Study material –
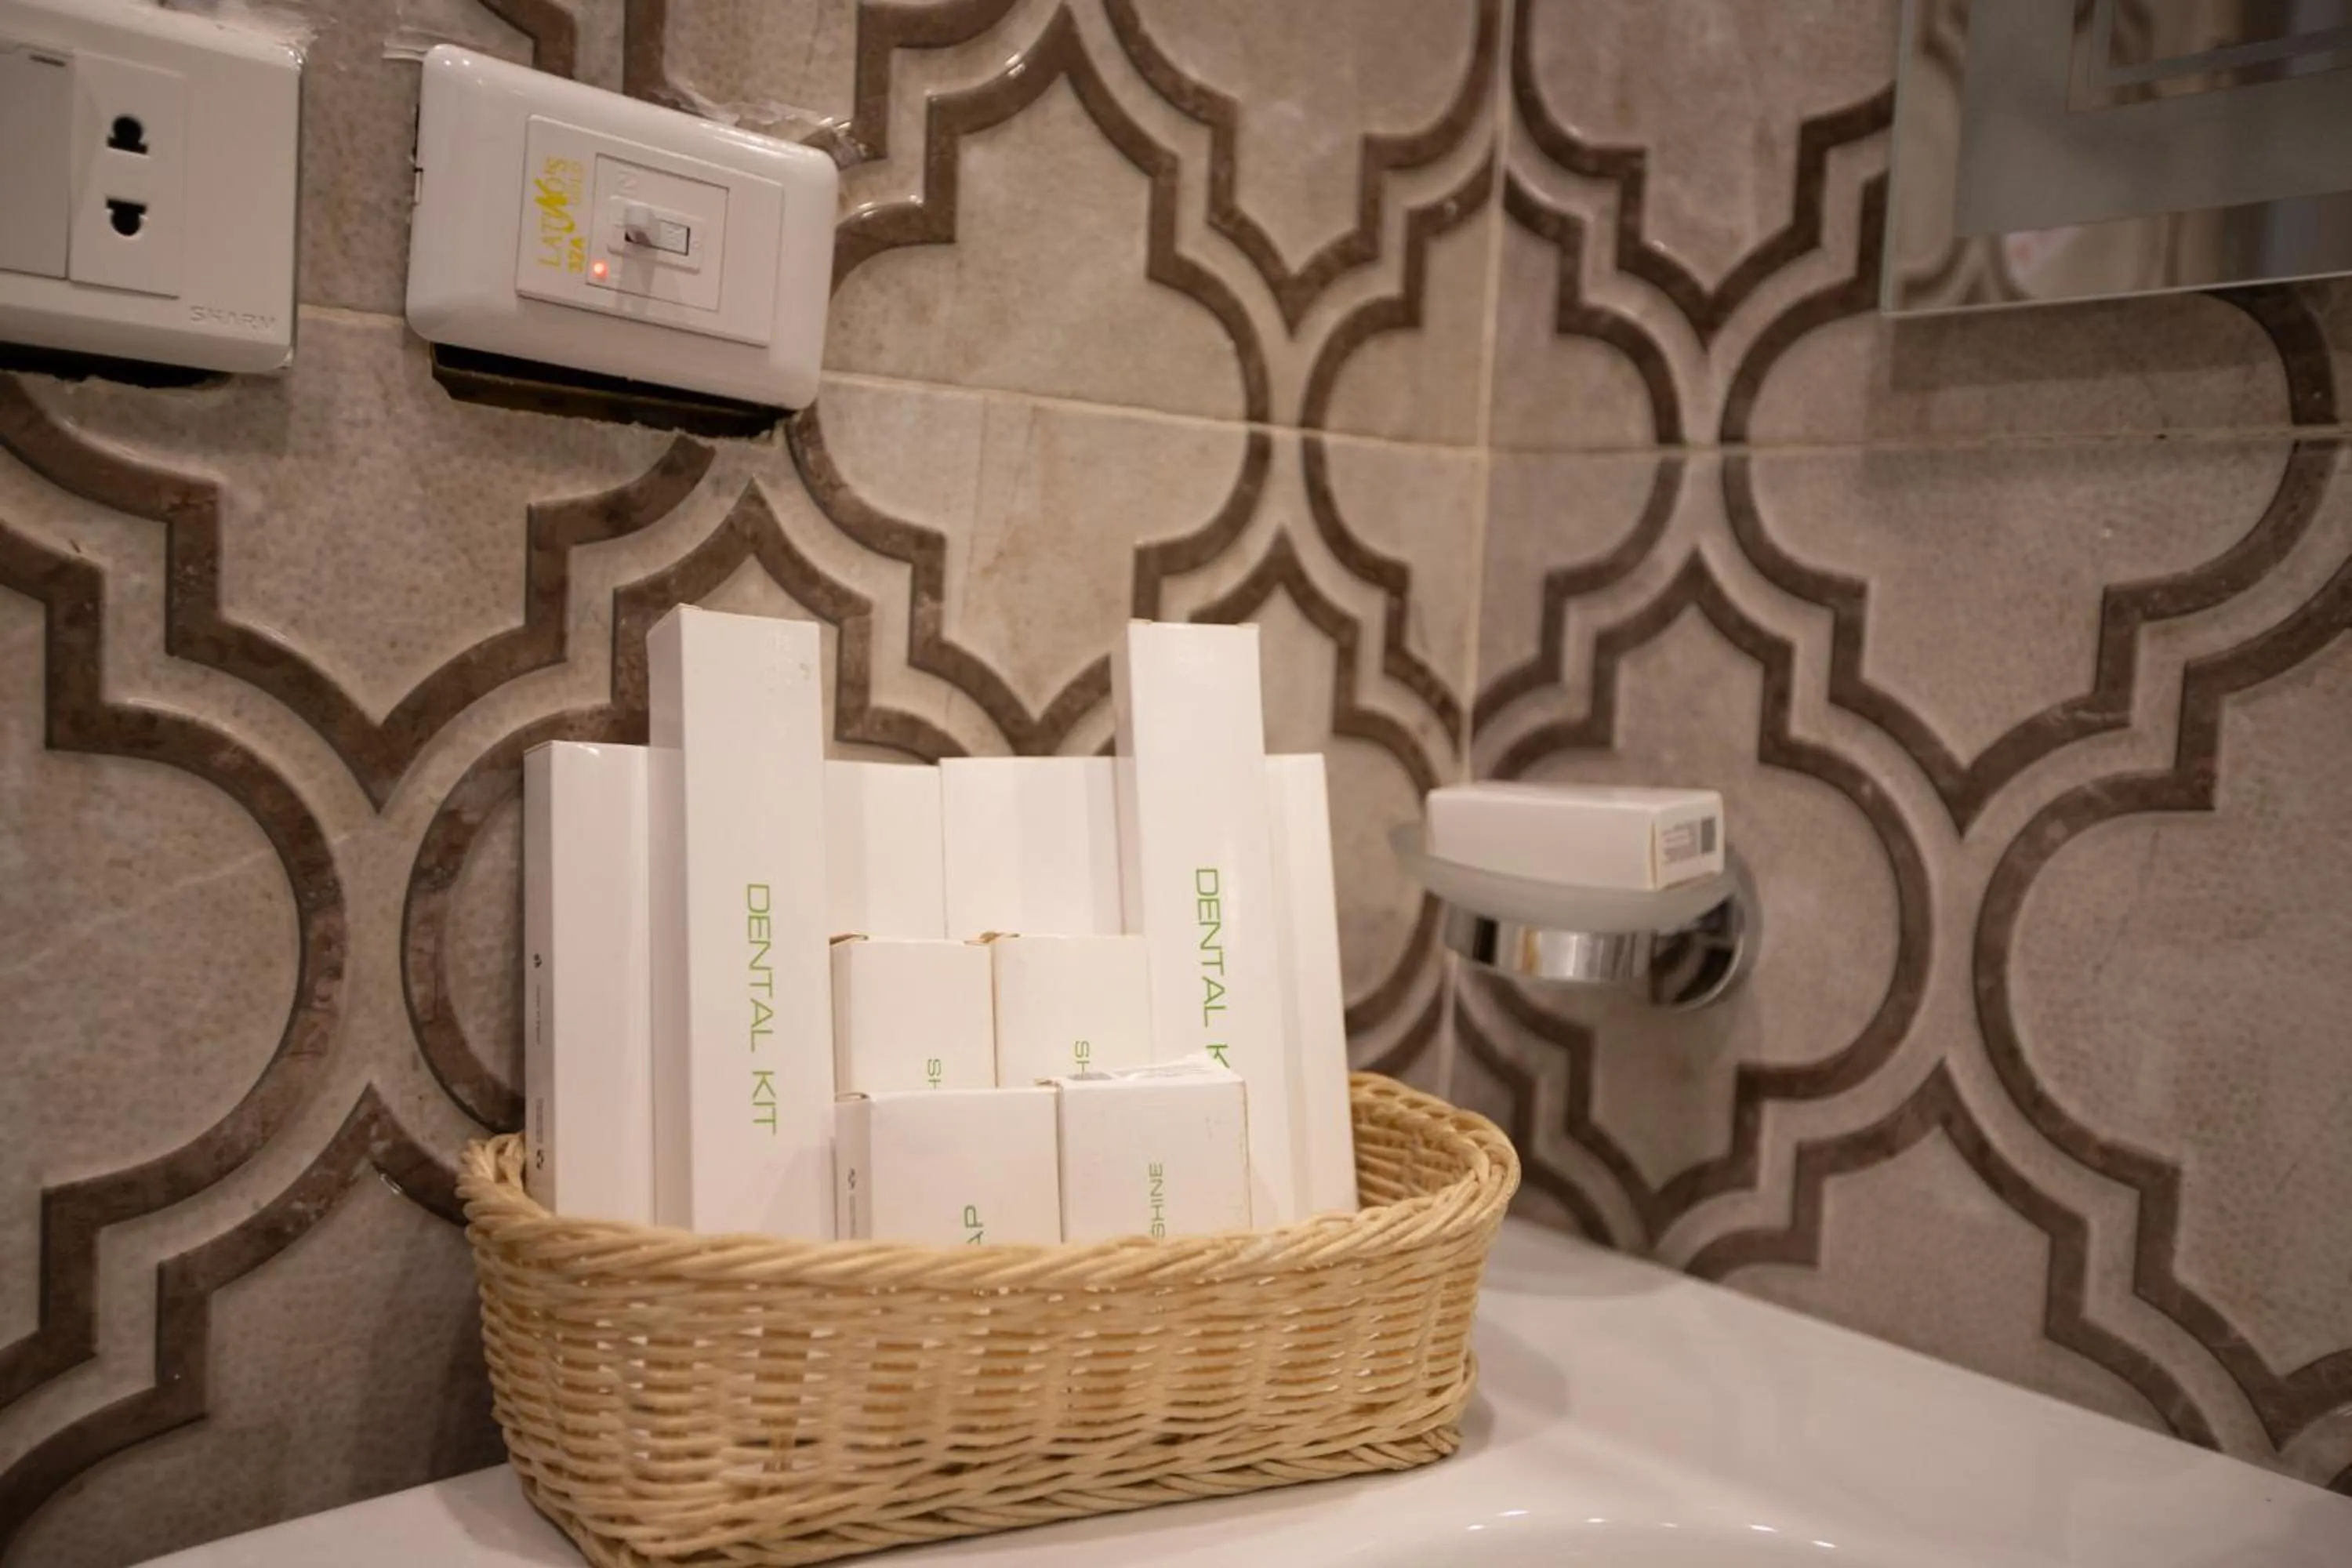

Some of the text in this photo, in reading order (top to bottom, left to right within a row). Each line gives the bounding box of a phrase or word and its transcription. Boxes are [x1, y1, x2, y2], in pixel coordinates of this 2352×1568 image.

[747, 883, 777, 1136] DENTAL KIT
[1196, 868, 1227, 1028] DENTAL
[1149, 1161, 1166, 1239] SHINE
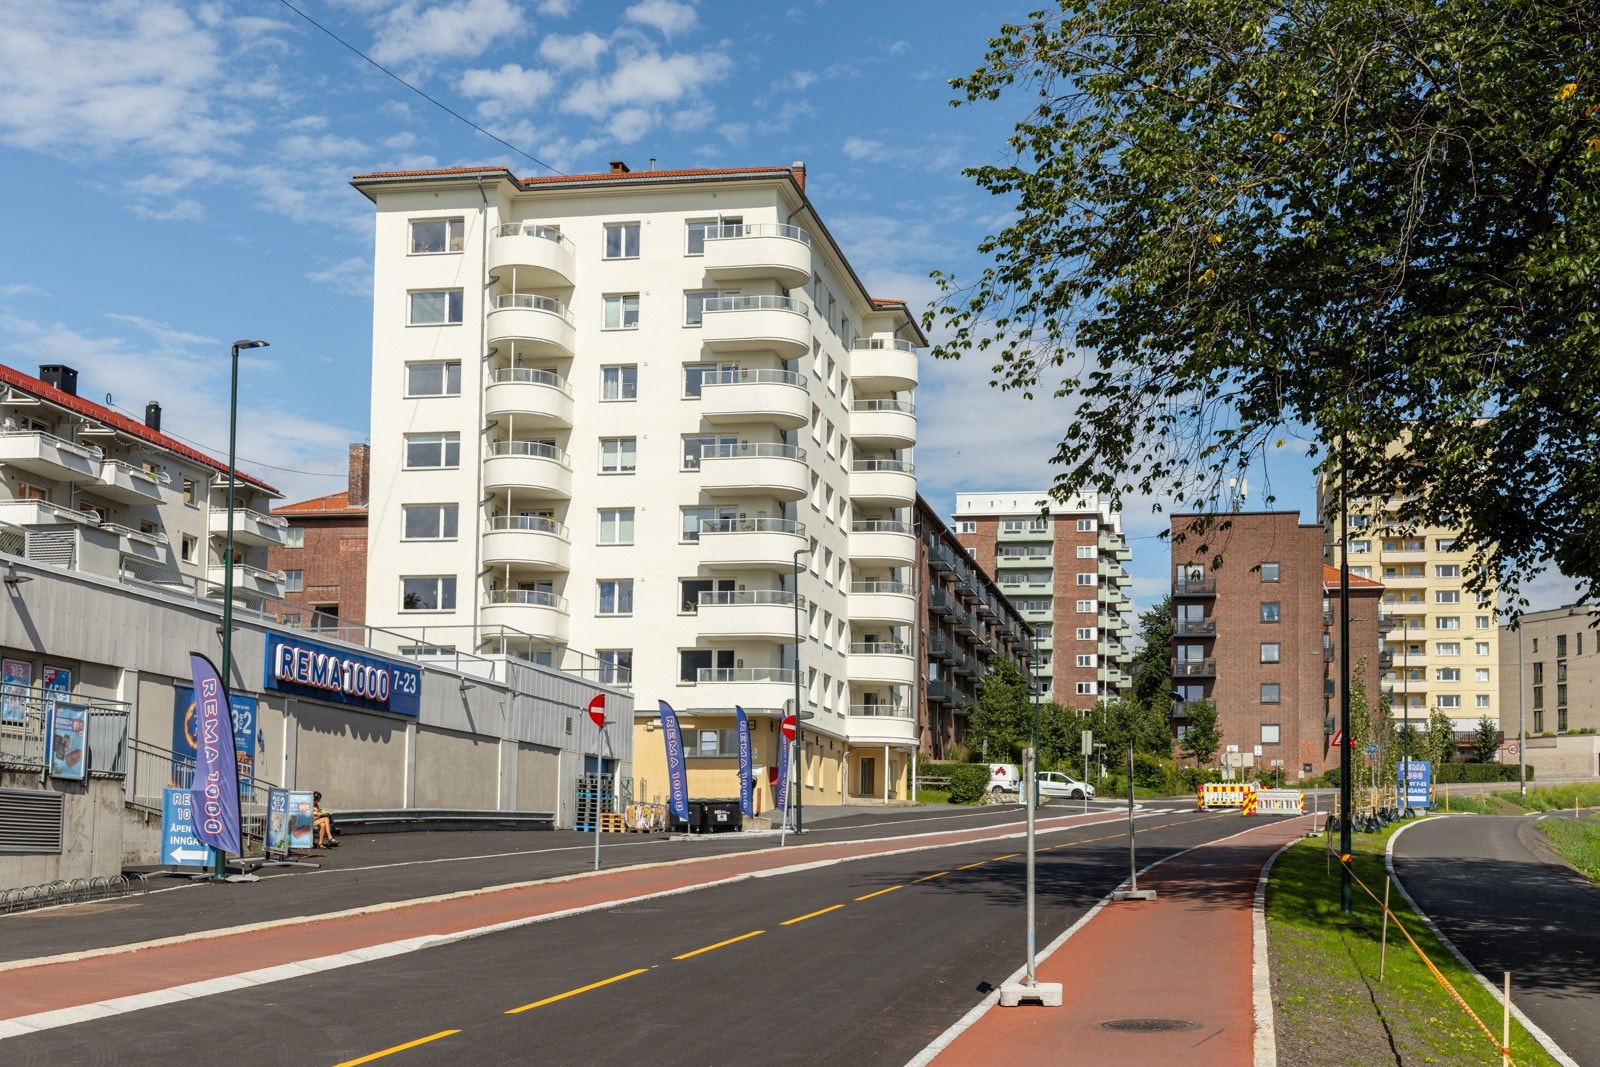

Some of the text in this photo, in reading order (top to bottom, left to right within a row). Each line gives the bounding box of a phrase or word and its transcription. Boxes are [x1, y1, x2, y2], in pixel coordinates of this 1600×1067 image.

[275, 643, 416, 702] REMA 1000 7-23
[231, 709, 239, 734] 3
[243, 711, 252, 734] 2
[202, 677, 224, 835] REMA 1000
[665, 715, 684, 812] REMA 1000
[739, 720, 749, 809] REMA 1000
[1402, 772, 1424, 780] 000
[173, 793, 191, 806] RE
[271, 796, 277, 810] 3
[279, 797, 286, 812] 2
[177, 808, 191, 820] 10
[170, 822, 191, 832] ÅPEN
[170, 836, 207, 846] INNGA
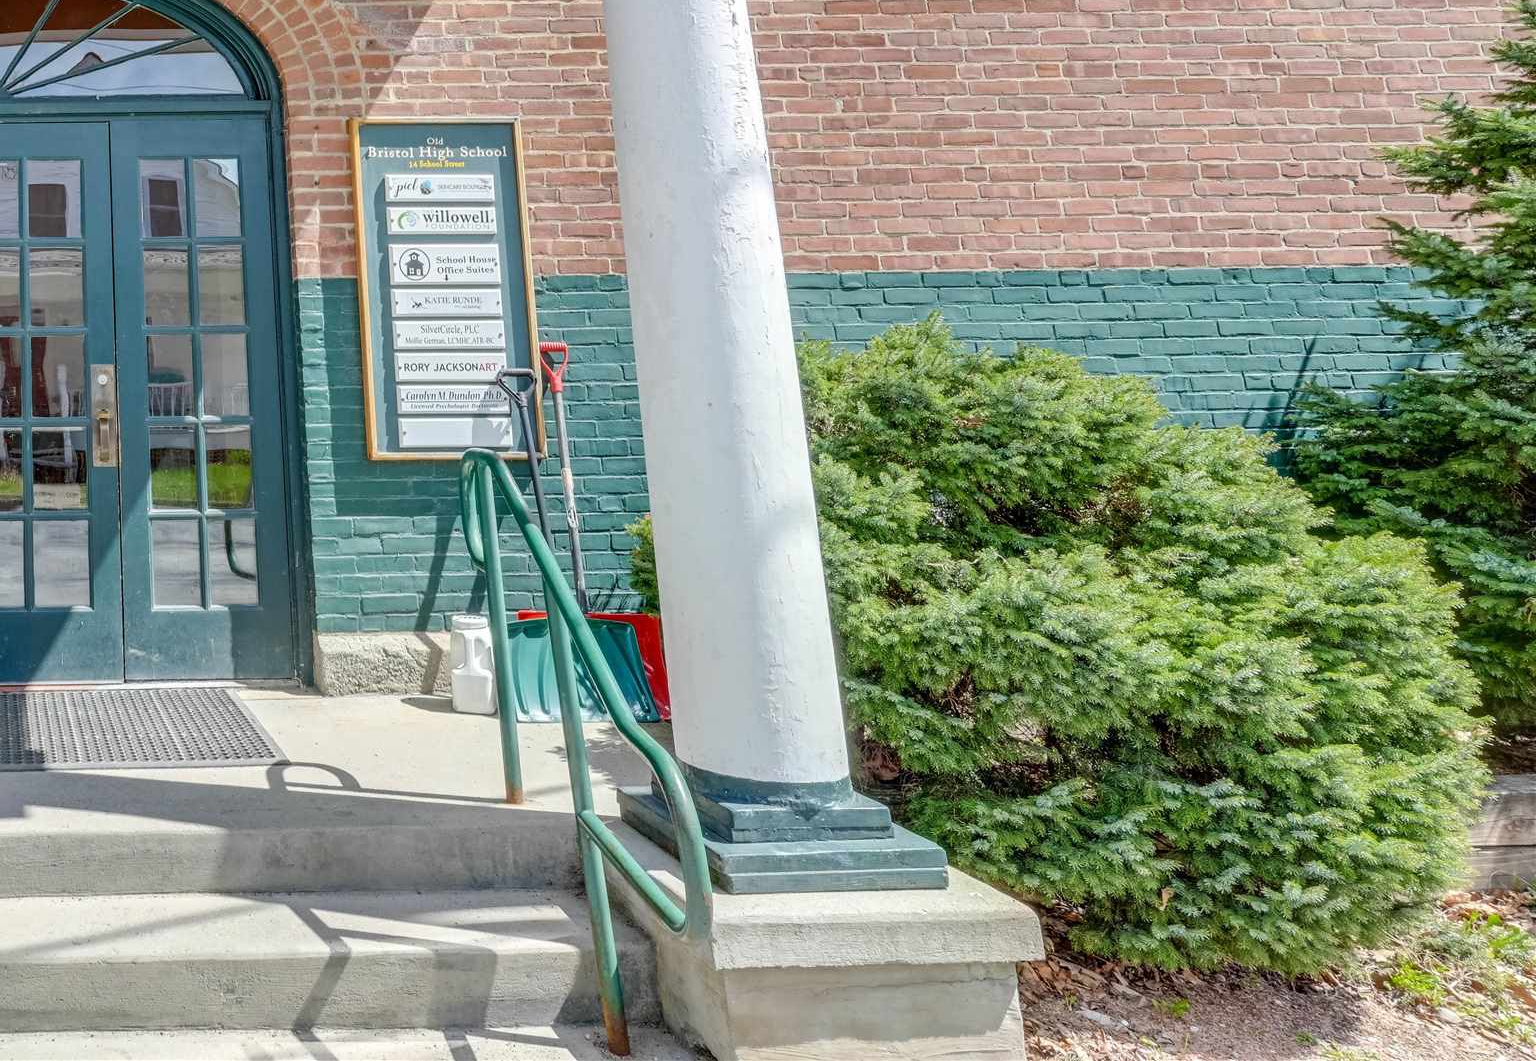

Instructions for the task – Go to the line that contains "this 1600×1067 image." and copy it and every line after it through the end of the entries, exactly, without the pictures.

Solution for this problem –
Some of the text in this photo, in reading order (top to bottom, left to right within a row). Each line gives the bounding box of a phrase or word and its transcription. Boxes are [x1, y1, x2, y2], in pixel coordinates of this 1600×1067 image.

[275, 643, 416, 702] REMA 1000 7-23
[231, 709, 239, 734] 3
[243, 711, 252, 734] 2
[202, 677, 224, 835] REMA 1000
[665, 715, 684, 812] REMA 1000
[739, 720, 749, 809] REMA 1000
[1402, 772, 1424, 780] 000
[173, 793, 191, 806] RE
[271, 796, 277, 810] 3
[279, 797, 286, 812] 2
[177, 808, 191, 820] 10
[170, 822, 191, 832] ÅPEN
[170, 836, 207, 846] INNGA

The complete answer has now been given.